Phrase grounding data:
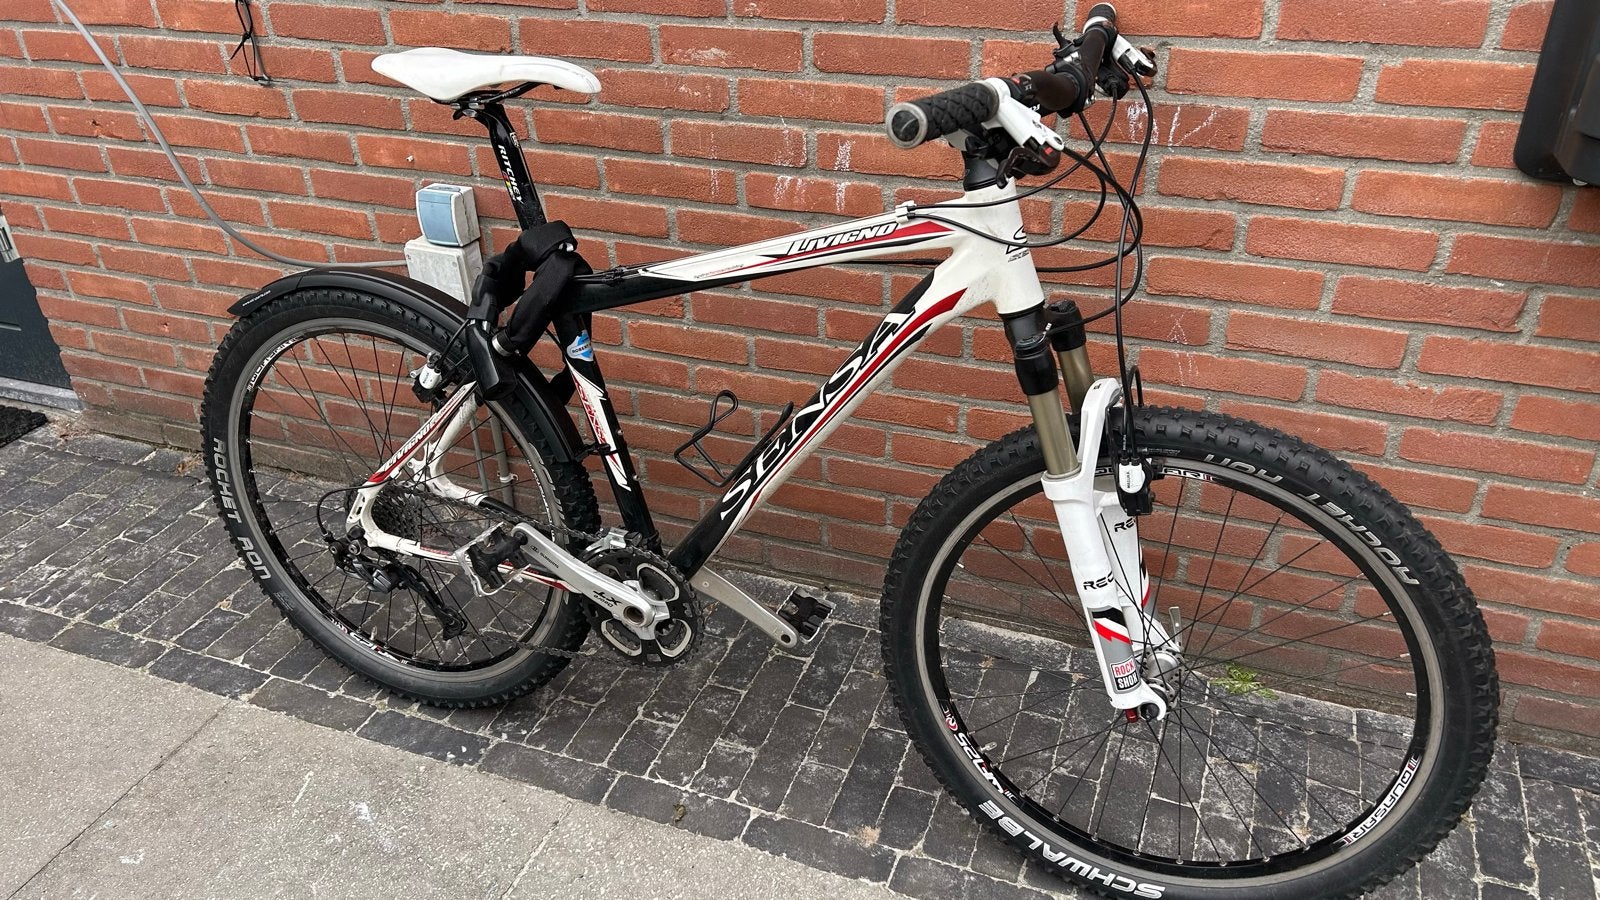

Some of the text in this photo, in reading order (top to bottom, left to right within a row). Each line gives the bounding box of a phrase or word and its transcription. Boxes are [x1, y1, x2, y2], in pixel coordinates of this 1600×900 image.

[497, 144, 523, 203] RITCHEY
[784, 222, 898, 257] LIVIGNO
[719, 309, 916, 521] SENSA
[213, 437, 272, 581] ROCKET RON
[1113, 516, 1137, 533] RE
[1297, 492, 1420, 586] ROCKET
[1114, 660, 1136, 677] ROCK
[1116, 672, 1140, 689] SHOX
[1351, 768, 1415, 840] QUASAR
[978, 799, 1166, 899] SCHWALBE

● **TASK STATEMENT**:
The answer should match the data above word for word, with no pictures in it.

● **SOLUTION FOR THIS PROBLEM**:
Some of the text in this photo, in reading order (top to bottom, left to right within a row). Each line gives the bounding box of a phrase or word and its transcription. Boxes are [x1, y1, x2, y2], in pixel coordinates of this 1600×900 image.

[497, 144, 523, 203] RITCHEY
[784, 222, 898, 257] LIVIGNO
[719, 309, 916, 521] SENSA
[213, 437, 272, 581] ROCKET RON
[1113, 516, 1137, 533] RE
[1297, 492, 1420, 586] ROCKET
[1114, 660, 1136, 677] ROCK
[1116, 672, 1140, 689] SHOX
[1351, 768, 1415, 840] QUASAR
[978, 799, 1166, 899] SCHWALBE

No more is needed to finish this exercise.